100 years since New Zealand's invasion of Samoa
New Zealand and Samoa are marking the centenary of New Zealand's invasion of Samoa with commemorations in Auckland and Apia.
Transcript
Today New Zealand and Samoa are marking the centenary of New Zealand's invasion of Samoa with commemorations in Auckland and Apia.
On the 29th of August in 1914 a 1485-strong New Zealand military force landed at Apia, which was then the capital of German Samoa.
New Zealand had been asked by Britain to disable a radio transmitter on the main island, Upolu.
Don Wiseman reports the force had no knowledge of any military preparedness in the colony but fighting was expected.
LEONARD POULTER LEARY: We thought we would have resistance.
That is Leonard Poulter Leary QC speaking in the 1980s about the landing force of which he was part. He says there was no resistance and everyone got on well.
LEONARD POULTER LEARY: Because none of them were soldiers, they were planters and traders. And they thought it best to be friendly too. And we fraternised with them. It said that we cut off all liquor, that's often been said but it's not true. There were three or four pubs there, and we went into them, and fraternised with the old boche.
Even though it was the first aggressive move by New Zealand in the First World War, the invasion word is rarely used as Hans Joachim Keil, a former Samoa cabinet minister points out.
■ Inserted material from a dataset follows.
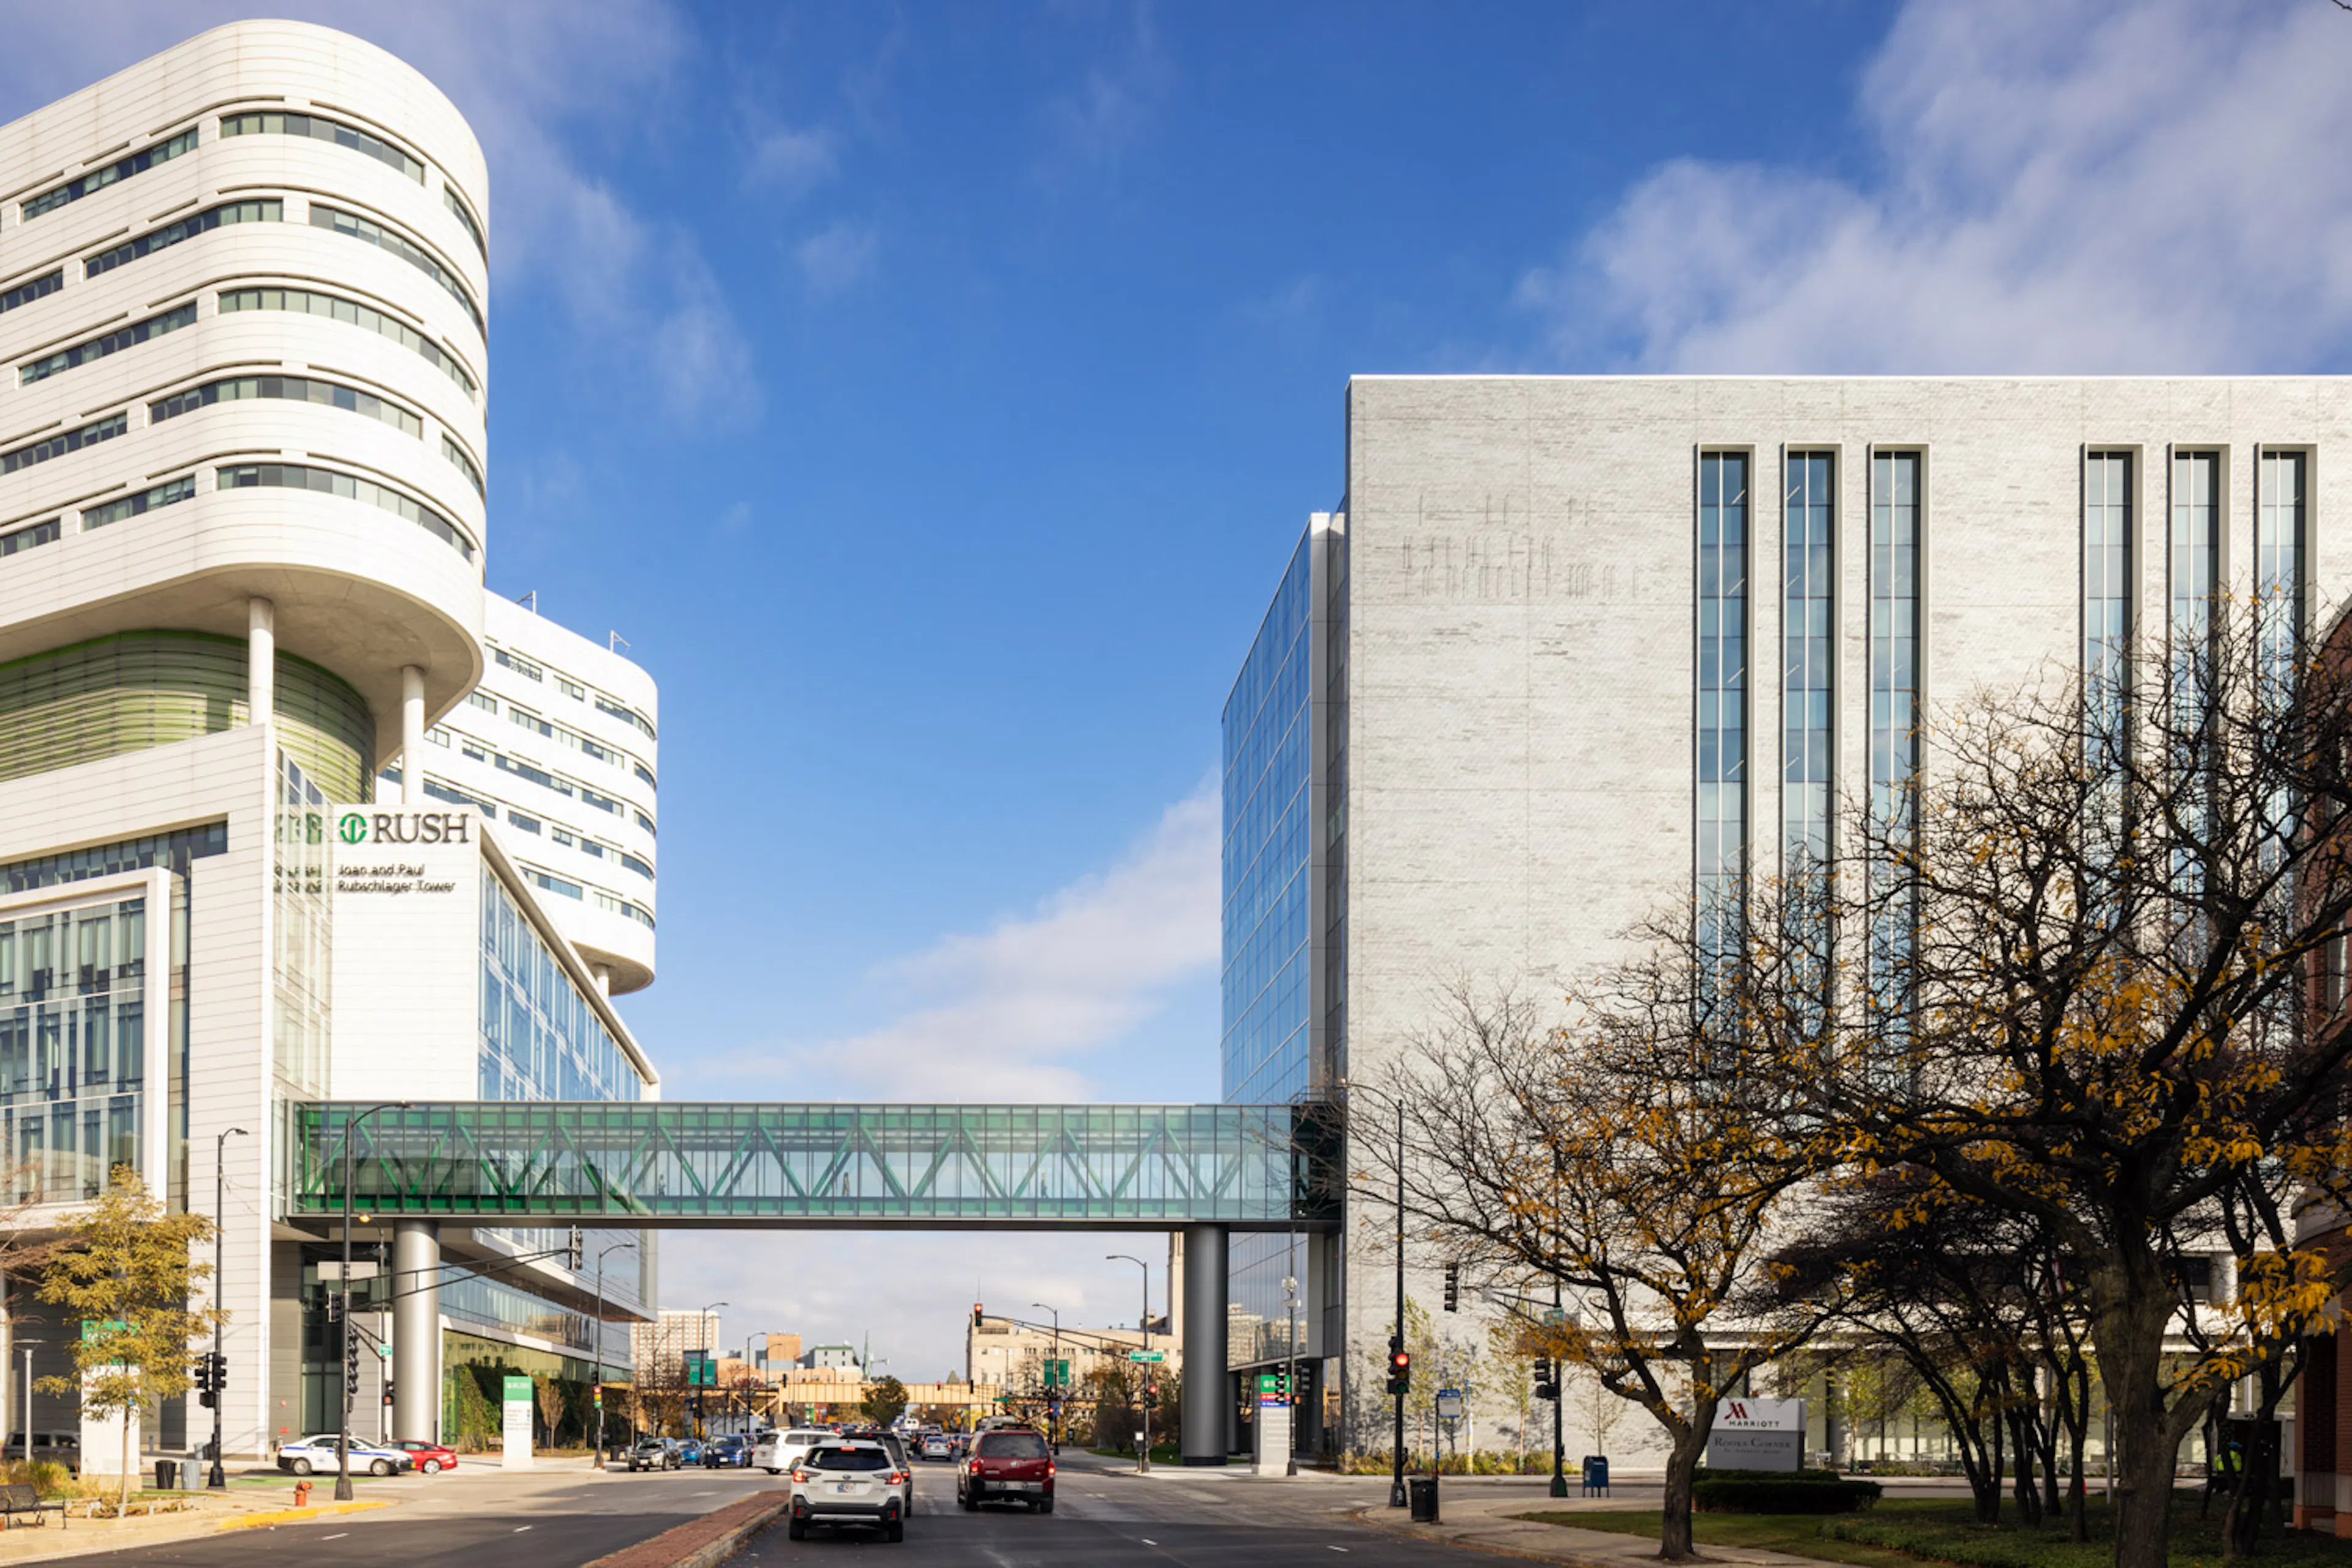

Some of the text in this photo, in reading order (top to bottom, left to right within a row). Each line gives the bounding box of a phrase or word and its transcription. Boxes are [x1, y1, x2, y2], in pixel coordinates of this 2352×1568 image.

[373, 813, 469, 843] RUSH
[338, 864, 425, 876] Joan and Paul
[338, 880, 456, 894] Rubschlager Tower
HANS JOACHIM KEIL: They never referred to it as an invasion when New Zealand troops landed here, because it was a peaceful landing, they arrived here and you know, there were no Germans around firing at them. They said, we're taking over, and the next day they raised the Union Jack and that was it. They took over the government.
But historian Stevan Eldred Grigg says it was all about New Zealand's own imperial ambitions.
STEVAN ELDRED GRIGG: There was a general feeling among the governing group, and political leadership and also leading business people and ship owners, that the Pacific, especially the Pacific south of the equator was the natural realm of New Zealand.
Another historian, Auckland University's Damon Salesa, has a similar view. He says New Zealand had long desired possession of Samoa.
DAMON SALESA: Generations of New Zealand politicians had treated it [Samoa] as a kind of a prospective province of New Zealand almost, so they even referred to it in New Zealand when they lost it to Germany, that's the way it was seen at the time in 1899. [Then Premier Richard] Seddon stood up and declared in Parliament that it was New Zealand's Alsace, referring to the contested territory between France and Germany.
Germany had had official control of Samoa for just 14 years but there had been a substantial presence there since the 1860s. Its influence is obvious as any reading of the Samoa phone book shows, and it is still felt. Dr Tamasailau Sua'alii Sauni teaches in the Pacific Studies department of Victoria University. She says the first governor, Wilhelm Solf, particularly left a significant legacy.
TAMASAILAU SUA'ALII SAUNI: The Self-government is recognised today as a government that was able to allow a lot of the recording of our traditions, our ways of doing things, in a way that isn't as prevalent in the records of the New Zealand administrations.
The early New Zealand administration, a military one until after the war, was disastrous. Its early legacy was the mishandling of the flu epidemic which claimed the lives of thousands of Samoans and the gunning down of peaceful protestors in an independence rally. But relations between New Zealand and Samoa settled from the mid-thirties as the colony was prepared for independence, which eventually came in 1962. New Zealand's Minister for Arts, Culture and Heritage and the minister responsible for the First World War commemorations, Chris Finlayson, says the occupation was the start of the close relationship that now exists between the two nations. Today's ceremony at the Auckland Cenotaph will be led by the Governor General Sir Jerry Mateparae and include the Samoa High Commissioner, Leasi Papali'i Tommy Scanlan.
At sunset Samoa is also hosting a commemoration at Magiagi Cemetery in Apia.